Your task. Your response should consist of every entry, unchanged.
[Data for this exercise Boundary: Start]
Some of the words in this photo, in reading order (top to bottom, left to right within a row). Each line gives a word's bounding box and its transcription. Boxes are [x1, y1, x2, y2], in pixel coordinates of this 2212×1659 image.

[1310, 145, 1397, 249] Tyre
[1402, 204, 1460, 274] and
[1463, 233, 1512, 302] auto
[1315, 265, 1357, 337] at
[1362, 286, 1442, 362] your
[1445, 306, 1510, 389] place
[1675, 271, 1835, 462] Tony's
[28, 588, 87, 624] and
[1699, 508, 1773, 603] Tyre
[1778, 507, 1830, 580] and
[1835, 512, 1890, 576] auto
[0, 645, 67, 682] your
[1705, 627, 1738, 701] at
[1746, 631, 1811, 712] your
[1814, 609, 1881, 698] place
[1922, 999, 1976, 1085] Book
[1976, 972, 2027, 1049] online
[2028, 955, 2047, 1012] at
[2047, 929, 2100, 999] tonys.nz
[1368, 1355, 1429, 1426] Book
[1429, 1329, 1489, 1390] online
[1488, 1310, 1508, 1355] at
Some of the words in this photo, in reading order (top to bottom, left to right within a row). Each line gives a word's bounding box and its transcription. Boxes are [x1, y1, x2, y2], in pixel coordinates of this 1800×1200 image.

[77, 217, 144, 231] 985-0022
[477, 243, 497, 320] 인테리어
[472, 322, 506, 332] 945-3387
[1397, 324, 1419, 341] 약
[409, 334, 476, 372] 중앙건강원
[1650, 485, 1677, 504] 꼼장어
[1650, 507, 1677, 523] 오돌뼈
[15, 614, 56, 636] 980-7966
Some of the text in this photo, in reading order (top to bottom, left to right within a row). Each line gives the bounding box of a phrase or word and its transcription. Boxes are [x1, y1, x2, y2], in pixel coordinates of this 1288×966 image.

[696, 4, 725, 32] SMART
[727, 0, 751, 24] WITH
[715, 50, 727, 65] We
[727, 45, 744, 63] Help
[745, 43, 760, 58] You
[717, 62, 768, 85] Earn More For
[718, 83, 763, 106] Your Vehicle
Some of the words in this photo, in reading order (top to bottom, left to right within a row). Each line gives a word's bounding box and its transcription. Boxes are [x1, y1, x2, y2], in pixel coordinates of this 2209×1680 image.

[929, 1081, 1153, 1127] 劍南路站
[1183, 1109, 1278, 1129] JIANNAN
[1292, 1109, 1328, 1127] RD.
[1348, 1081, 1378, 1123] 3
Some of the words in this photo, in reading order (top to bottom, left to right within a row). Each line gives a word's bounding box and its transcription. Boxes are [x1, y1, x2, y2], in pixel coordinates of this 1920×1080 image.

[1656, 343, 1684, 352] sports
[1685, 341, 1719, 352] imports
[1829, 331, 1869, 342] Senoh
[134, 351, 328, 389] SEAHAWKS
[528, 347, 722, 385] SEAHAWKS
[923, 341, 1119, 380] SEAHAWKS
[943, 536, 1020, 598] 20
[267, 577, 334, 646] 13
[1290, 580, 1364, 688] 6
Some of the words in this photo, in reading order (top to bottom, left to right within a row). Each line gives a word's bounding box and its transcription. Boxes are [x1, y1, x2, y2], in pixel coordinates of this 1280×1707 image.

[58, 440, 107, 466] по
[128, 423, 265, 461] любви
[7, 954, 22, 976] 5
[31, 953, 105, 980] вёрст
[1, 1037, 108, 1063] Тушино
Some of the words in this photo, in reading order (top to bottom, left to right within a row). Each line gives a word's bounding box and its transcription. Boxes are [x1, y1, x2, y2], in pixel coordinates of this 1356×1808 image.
[Data for this exercise Boundary: End]
Solution for this problem.
Some of the words in this photo, in reading order (top to bottom, left to right within a row). Each line gives a word's bounding box and its transcription. Boxes are [x1, y1, x2, y2], in pixel coordinates of this 2212×1659 image.

[1310, 145, 1397, 249] Tyre
[1402, 204, 1460, 274] and
[1463, 233, 1512, 302] auto
[1315, 265, 1357, 337] at
[1362, 286, 1442, 362] your
[1445, 306, 1510, 389] place
[1675, 271, 1835, 462] Tony's
[28, 588, 87, 624] and
[1699, 508, 1773, 603] Tyre
[1778, 507, 1830, 580] and
[1835, 512, 1890, 576] auto
[0, 645, 67, 682] your
[1705, 627, 1738, 701] at
[1746, 631, 1811, 712] your
[1814, 609, 1881, 698] place
[1922, 999, 1976, 1085] Book
[1976, 972, 2027, 1049] online
[2028, 955, 2047, 1012] at
[2047, 929, 2100, 999] tonys.nz
[1368, 1355, 1429, 1426] Book
[1429, 1329, 1489, 1390] online
[1488, 1310, 1508, 1355] at
Some of the words in this photo, in reading order (top to bottom, left to right within a row). Each line gives a word's bounding box and its transcription. Boxes are [x1, y1, x2, y2], in pixel coordinates of this 1800×1200 image.

[77, 217, 144, 231] 985-0022
[477, 243, 497, 320] 인테리어
[472, 322, 506, 332] 945-3387
[1397, 324, 1419, 341] 약
[409, 334, 476, 372] 중앙건강원
[1650, 485, 1677, 504] 꼼장어
[1650, 507, 1677, 523] 오돌뼈
[15, 614, 56, 636] 980-7966
Some of the text in this photo, in reading order (top to bottom, left to right within a row). Each line gives the bounding box of a phrase or word and its transcription. Boxes are [x1, y1, x2, y2], in pixel coordinates of this 1288×966 image.

[696, 4, 725, 32] SMART
[727, 0, 751, 24] WITH
[715, 50, 727, 65] We
[727, 45, 744, 63] Help
[745, 43, 760, 58] You
[717, 62, 768, 85] Earn More For
[718, 83, 763, 106] Your Vehicle
Some of the words in this photo, in reading order (top to bottom, left to right within a row). Each line gives a word's bounding box and its transcription. Boxes are [x1, y1, x2, y2], in pixel coordinates of this 2209×1680 image.

[929, 1081, 1153, 1127] 劍南路站
[1183, 1109, 1278, 1129] JIANNAN
[1292, 1109, 1328, 1127] RD.
[1348, 1081, 1378, 1123] 3
Some of the words in this photo, in reading order (top to bottom, left to right within a row). Each line gives a word's bounding box and its transcription. Boxes are [x1, y1, x2, y2], in pixel coordinates of this 1920×1080 image.

[1656, 343, 1684, 352] sports
[1685, 341, 1719, 352] imports
[1829, 331, 1869, 342] Senoh
[134, 351, 328, 389] SEAHAWKS
[528, 347, 722, 385] SEAHAWKS
[923, 341, 1119, 380] SEAHAWKS
[943, 536, 1020, 598] 20
[267, 577, 334, 646] 13
[1290, 580, 1364, 688] 6
Some of the words in this photo, in reading order (top to bottom, left to right within a row). Each line gives a word's bounding box and its transcription. Boxes are [x1, y1, x2, y2], in pixel coordinates of this 1280×1707 image.

[58, 440, 107, 466] по
[128, 423, 265, 461] любви
[7, 954, 22, 976] 5
[31, 953, 105, 980] вёрст
[1, 1037, 108, 1063] Тушино
Some of the words in this photo, in reading order (top to bottom, left to right within a row). Each line gives a word's bounding box and its transcription. Boxes are [x1, y1, x2, y2], in pixel coordinates of this 1356×1808 image.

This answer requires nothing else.